Leonardo nel suo Bestiario, lo pone quale emblema della intemperanza.2
Il tema della cattura e uccisione dell’unicorno troverà grande fortuna nei bestiari d’amore per rappresentare l’uomo perdutamente innamorato della sua donna, affidatosi a lei totalmente, e ripagato col tradimento.
Richard de Fournival nel suo Bestiario d’Amore (scritto nella metà del XIII secolo) dove espone i rituali e i paradossi dell’amore cortese attraverso le fantastiche descrizioni del mondo animale, ne sottolinea le peculiarità olfattive.
«E fui catturato per mezzo dell’odorato, come l’unicorno che si addormenta al dolce profumo della verginità di una damigella». Ribadisce la sua forza e l’impossibilità di catturarlo e di avvicinarsi, all’infuori di una fanciulla vergine. «Perché quando ne riconosce una al fiuto, si inginocchia davanti a lei e si inchina con umiltà e dolcezza come volesse mettersi al suo servizio». Così i cacciatori «mettono una vergine sul suo passaggio, e l’unicorno si addormenta nel suo grembo; allora, quand’è addormentato, giungono i cacciatori che non avevano il coraggio di attaccarlo da sveglio e lo uccidono. Nella stessa maniera Amore si è vendicato di me… E Amore, che è cacciatore avveduto, pose sul mio cammino una fanciulla alla cui dolcezza mi sono addormentato e sono morto della morte che è propria di Amore, cioè di disperazione senza speranza di grazia. Per questo dico di essere stato catturato per mezzo dell’odorato».

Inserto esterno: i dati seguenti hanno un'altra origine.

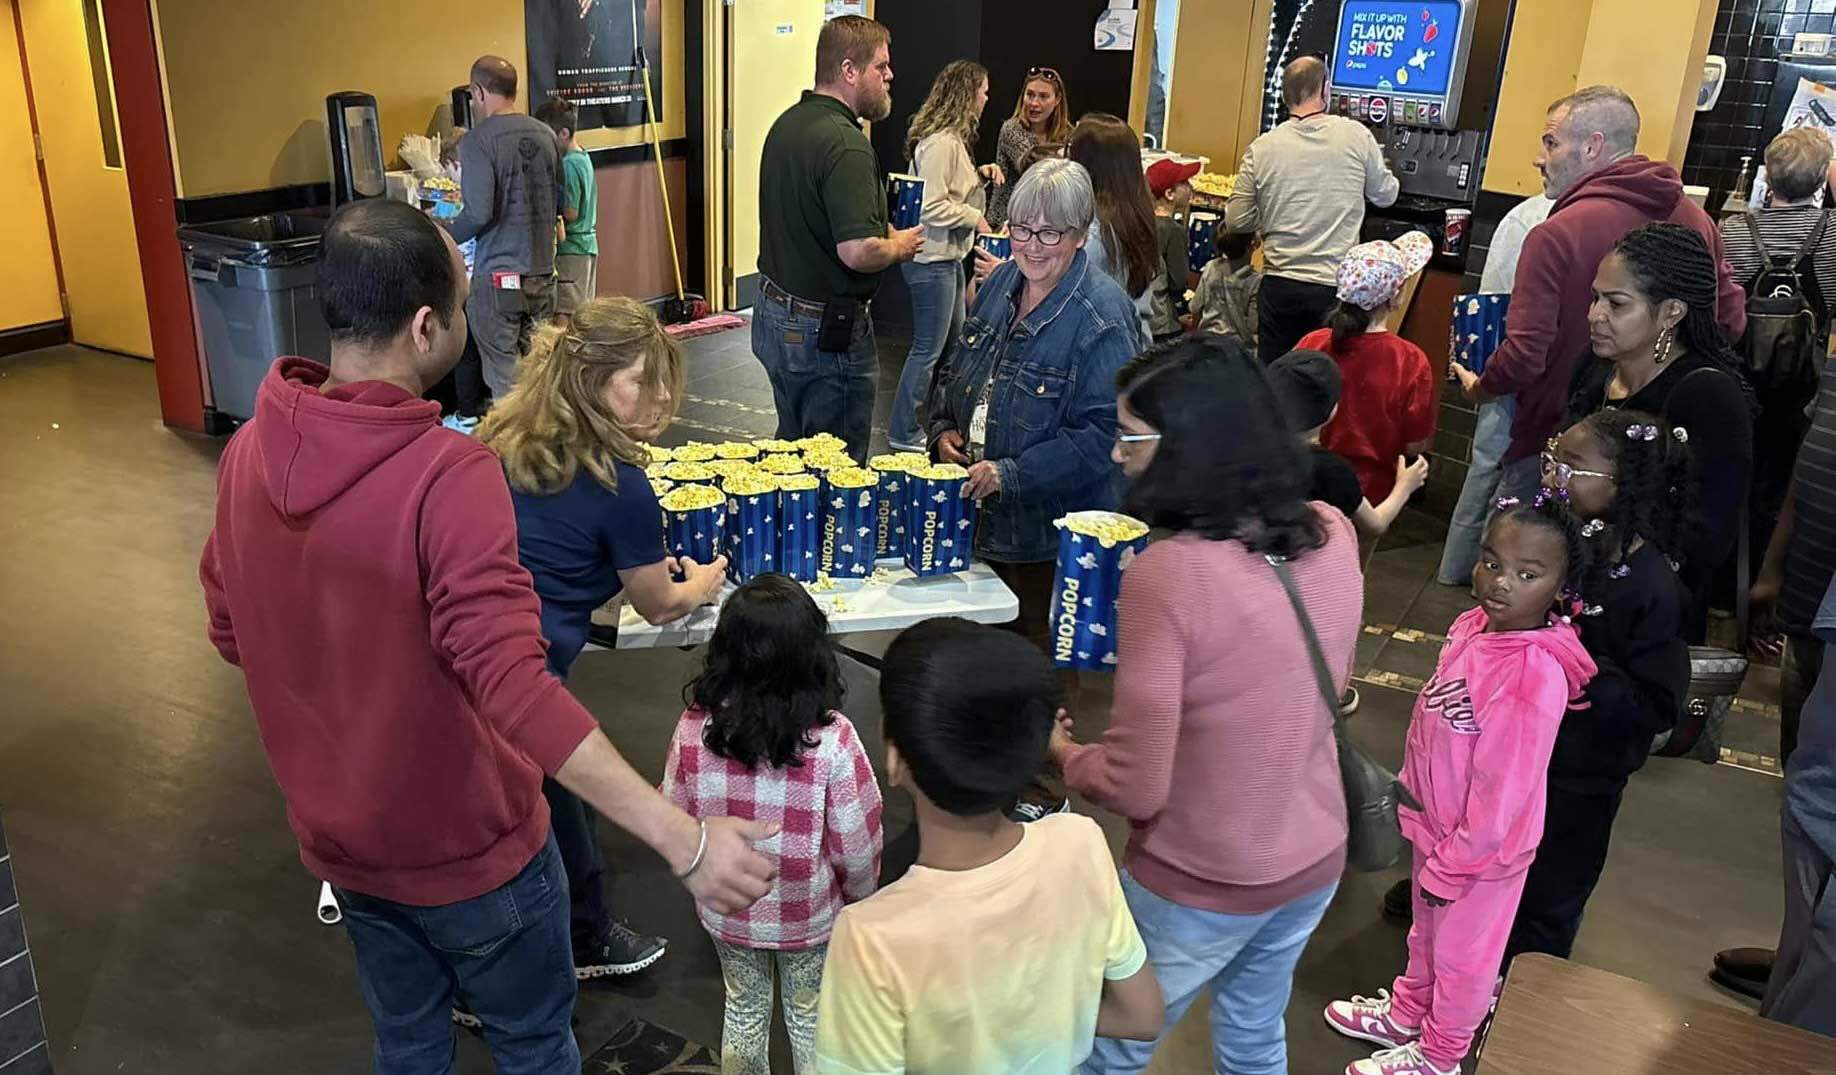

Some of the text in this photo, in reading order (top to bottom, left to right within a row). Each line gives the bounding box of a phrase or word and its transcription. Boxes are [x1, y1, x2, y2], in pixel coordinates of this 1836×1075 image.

[1351, 23, 1405, 41] FLAVOR
[1353, 12, 1408, 24] MIX IT UP WITH
[1348, 39, 1394, 58] SHOTS
[821, 514, 836, 571] POPCORN
[877, 499, 890, 554] POPCORN
[921, 510, 937, 571] POPCORN
[1055, 577, 1080, 661] POPCORN
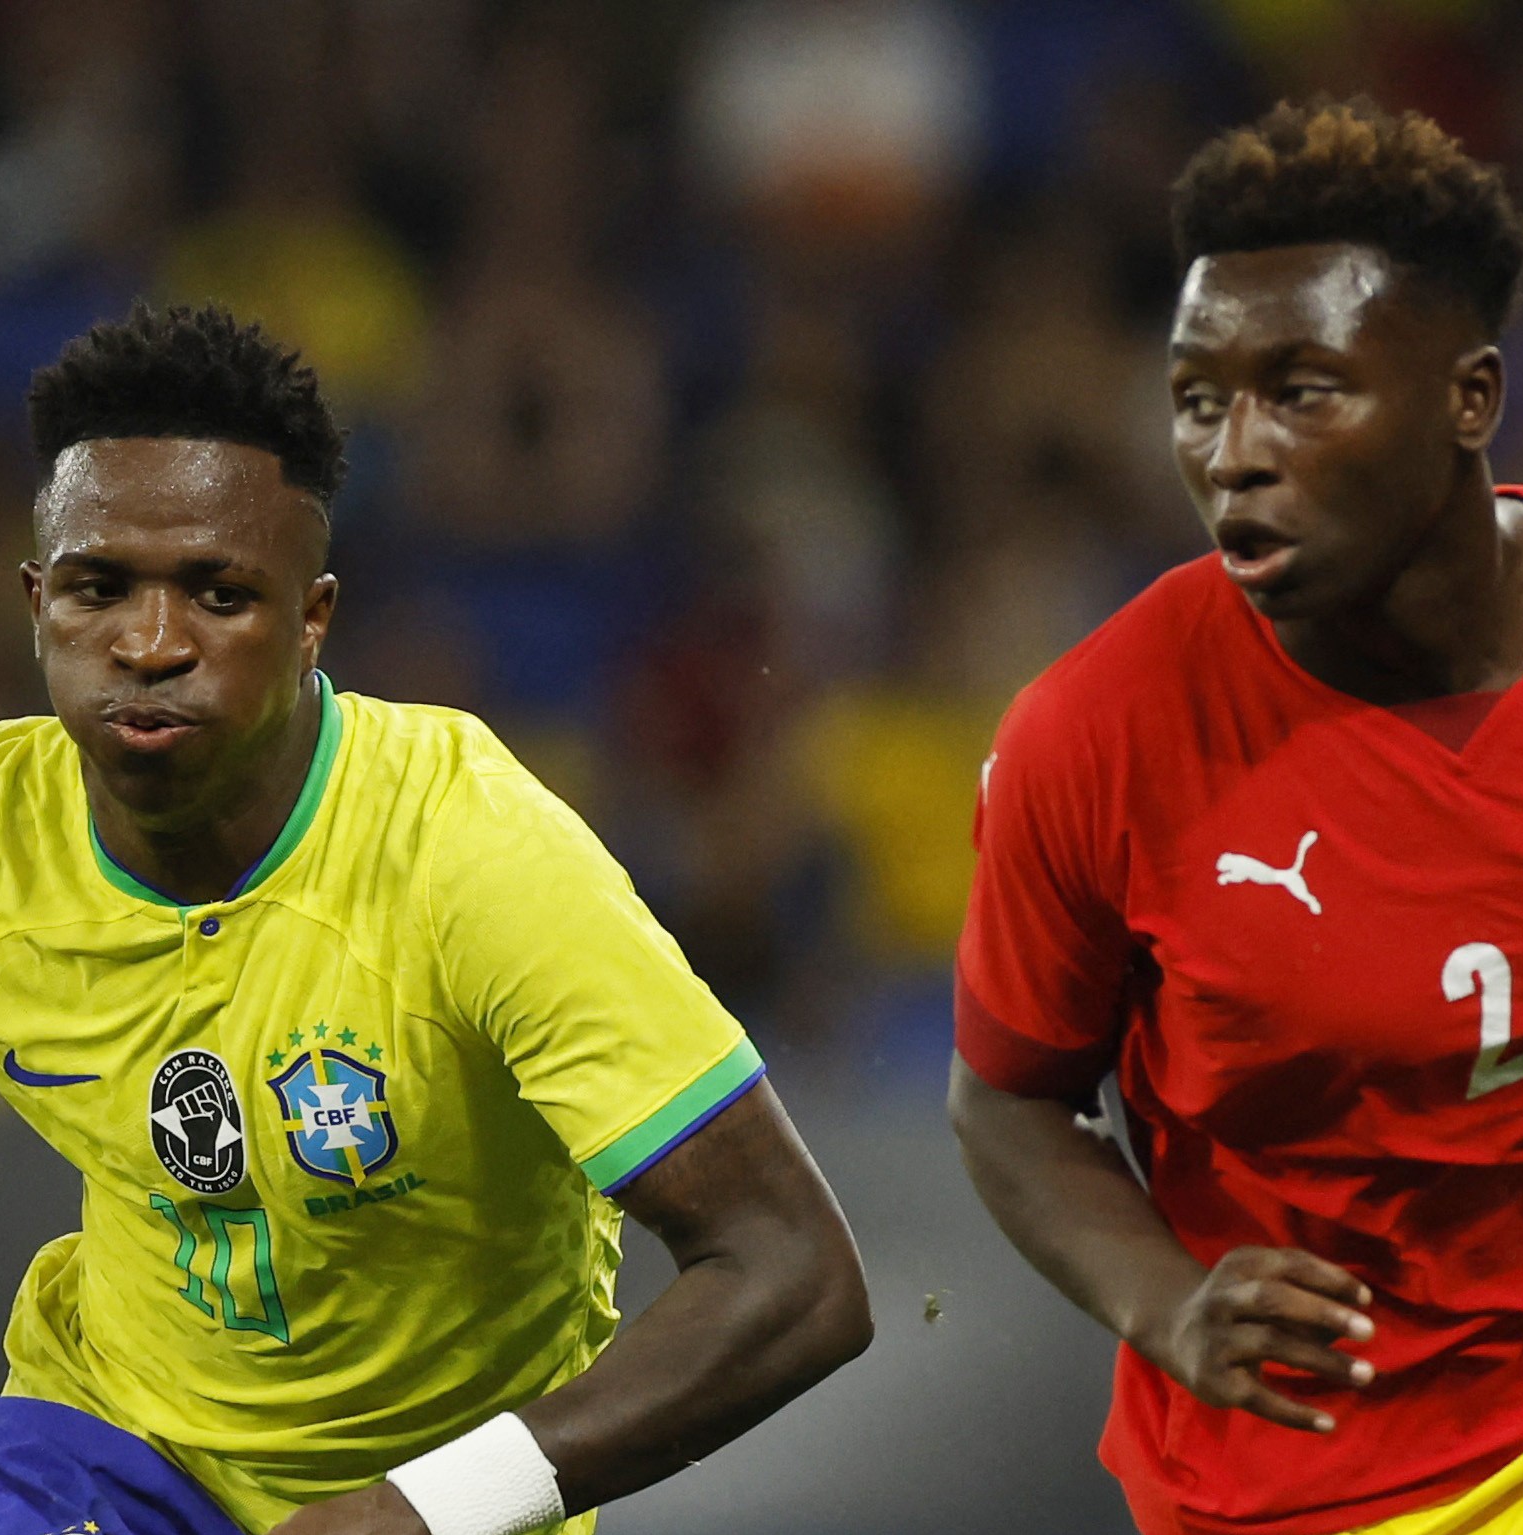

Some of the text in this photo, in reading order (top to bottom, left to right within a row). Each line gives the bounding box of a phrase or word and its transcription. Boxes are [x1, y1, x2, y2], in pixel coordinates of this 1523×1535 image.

[158, 1055, 234, 1101] COM RACISMO
[314, 1107, 356, 1127] CBF
[162, 1155, 184, 1180] NÃO
[189, 1179, 213, 1192] TEM
[192, 1154, 214, 1168] CBF
[304, 1171, 428, 1216] BRASIL
[149, 1193, 290, 1345] 10
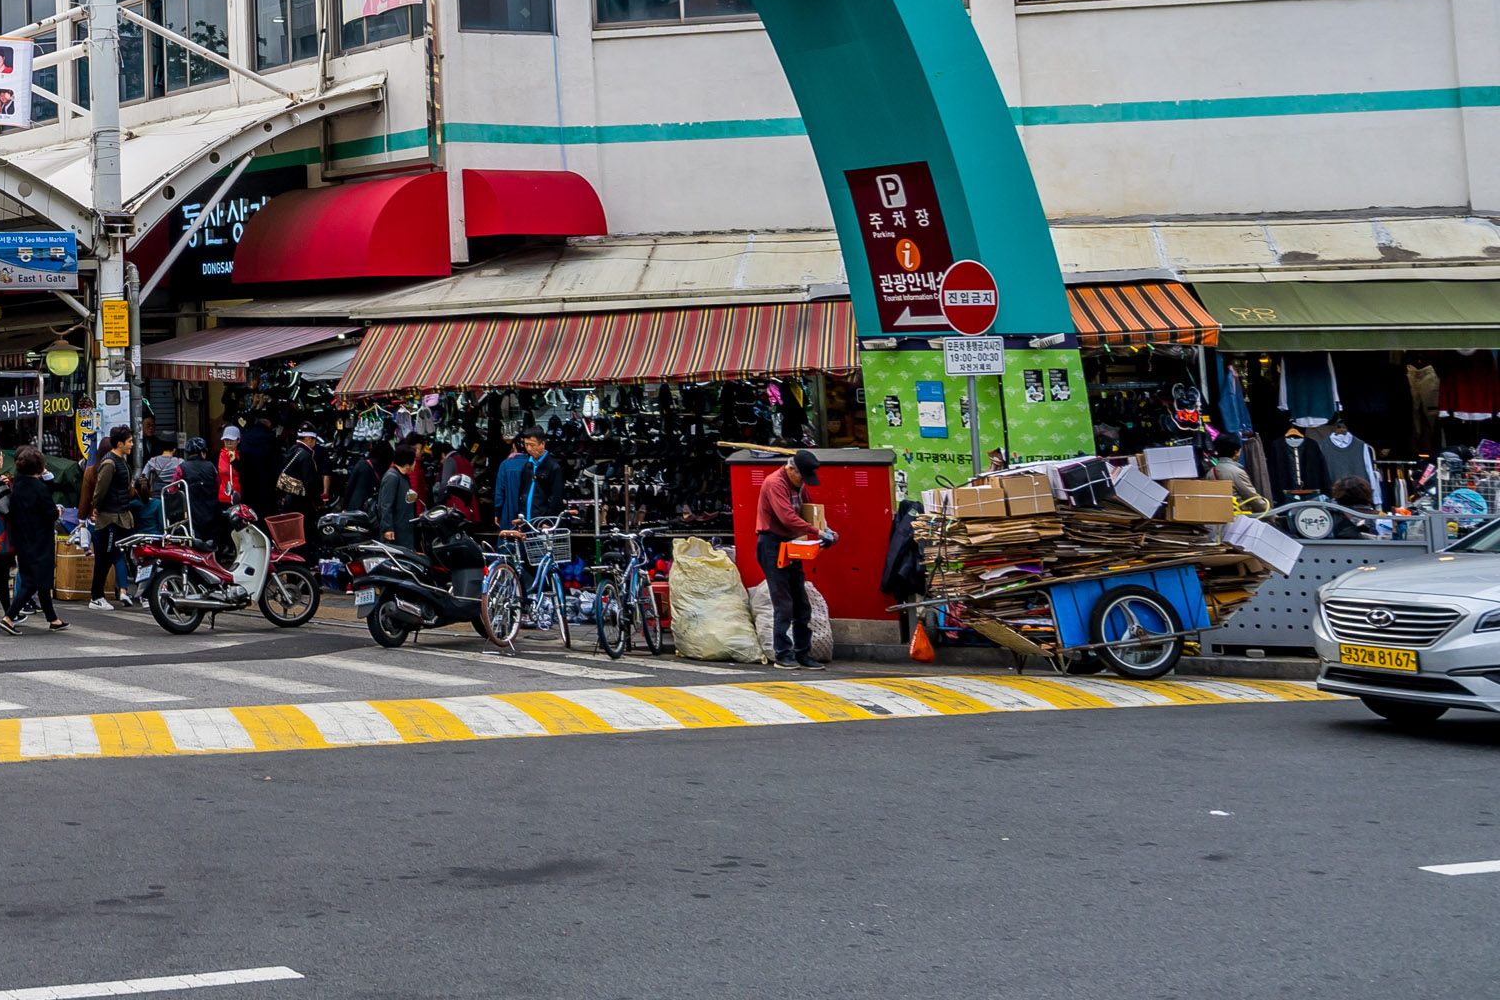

Orfeo incanta gli animali, Maestro di Orfeo, Italia settentrionale, 1500 circa, Museo Nazionale di Ravenna

Anche noi, a Ravenna, abbiamo la possibilità di incontrare un unicorno in due frammenti musivi pavimentali medievali: uno meno noto, proveniente dal pavimento della basilica di San Vitale, ci mostra un capro con corno spiraliforme, contraddistinto da alcuni caratteri tipici dell’unicorno, l’altro, più celebre è quello policromo che spicca nel fantastico bestiario della chiesa di San Giovanni Evangelista.
Ma ai cacciatori più curiosi e indomiti si suggerisce un’incursione al Museo Nazionale di Ravenna dove, in un bronzetto rinascimentale, fra gli animali incantati dalla musica di Orfeo compare anche un unicorno.

 

Note

1. Nella descrizione della «piccola isola di lava» (Sumatra) scrive: «Elli ànno leofanti assai salvatichi e unicorni, che no son guari minori d’elefanti; ‘e son di pelo bufali, i piedi come lefanti; nel mezzo de la fronte ànno un corno grosso e nero. E dicovi che no fanno mal co quel corno, ma co la lingua, che l’ànno spinosa tutta quanta di spine molto grandi; lo capo ànno di cinghiaro, la testa porta tuttavia inchinata ve(r)so la terra… Ell’è molto laida bestia, nè non è, come si dice qua, ch’ella si lasci prendere a la pulcella, ma è ‘l contradio». Marco Polo, Il Milione, 1982, cap. 162.
2. «L’alicorno, ovvero unicorno, per la sua intemperanza e non sapersi vincere, per lo diletto che ha delle donzelle, dimentica la sua ferocia e selvatichezza; ponendo da canto ogni sospetto va alla sedente donzella, e se la addorment in grembo; e i cacciatori in tal modo lo pigliano».